#### Dataset entries ####

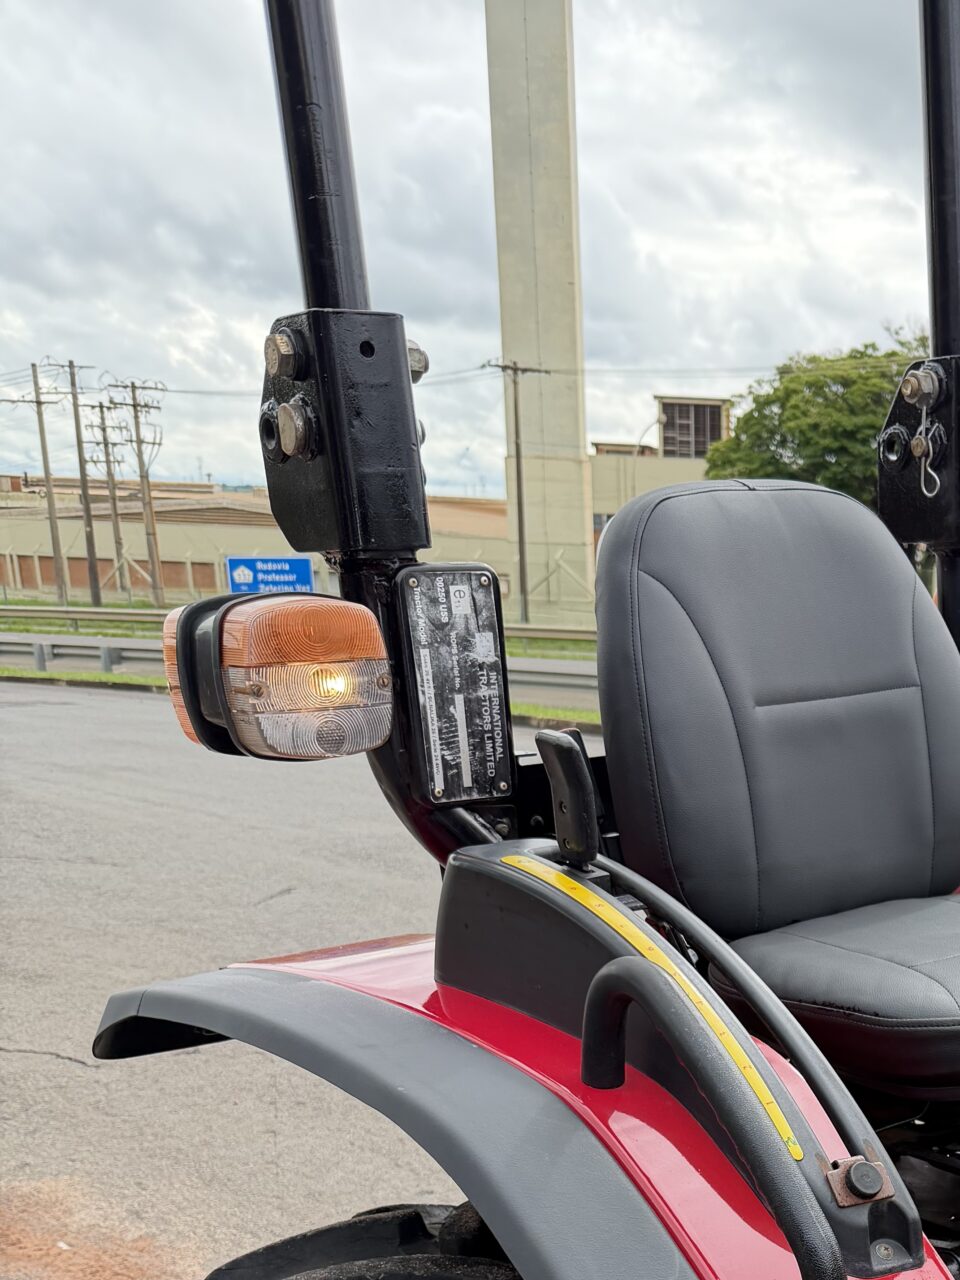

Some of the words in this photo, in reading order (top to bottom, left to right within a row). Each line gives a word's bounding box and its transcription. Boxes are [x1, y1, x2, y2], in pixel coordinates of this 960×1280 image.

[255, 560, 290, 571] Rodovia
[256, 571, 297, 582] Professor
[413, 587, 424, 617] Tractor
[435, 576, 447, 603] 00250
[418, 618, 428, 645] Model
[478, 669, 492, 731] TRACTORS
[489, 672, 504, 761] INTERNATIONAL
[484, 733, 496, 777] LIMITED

####

Exercise directions:
What is needed is an exact copy of all the entries above, minus the pictures.

Answer to the problem:
Some of the words in this photo, in reading order (top to bottom, left to right within a row). Each line gives a word's bounding box and its transcription. Boxes are [x1, y1, x2, y2], in pixel coordinates of this 960×1280 image.

[255, 560, 290, 571] Rodovia
[256, 571, 297, 582] Professor
[413, 587, 424, 617] Tractor
[435, 576, 447, 603] 00250
[418, 618, 428, 645] Model
[478, 669, 492, 731] TRACTORS
[489, 672, 504, 761] INTERNATIONAL
[484, 733, 496, 777] LIMITED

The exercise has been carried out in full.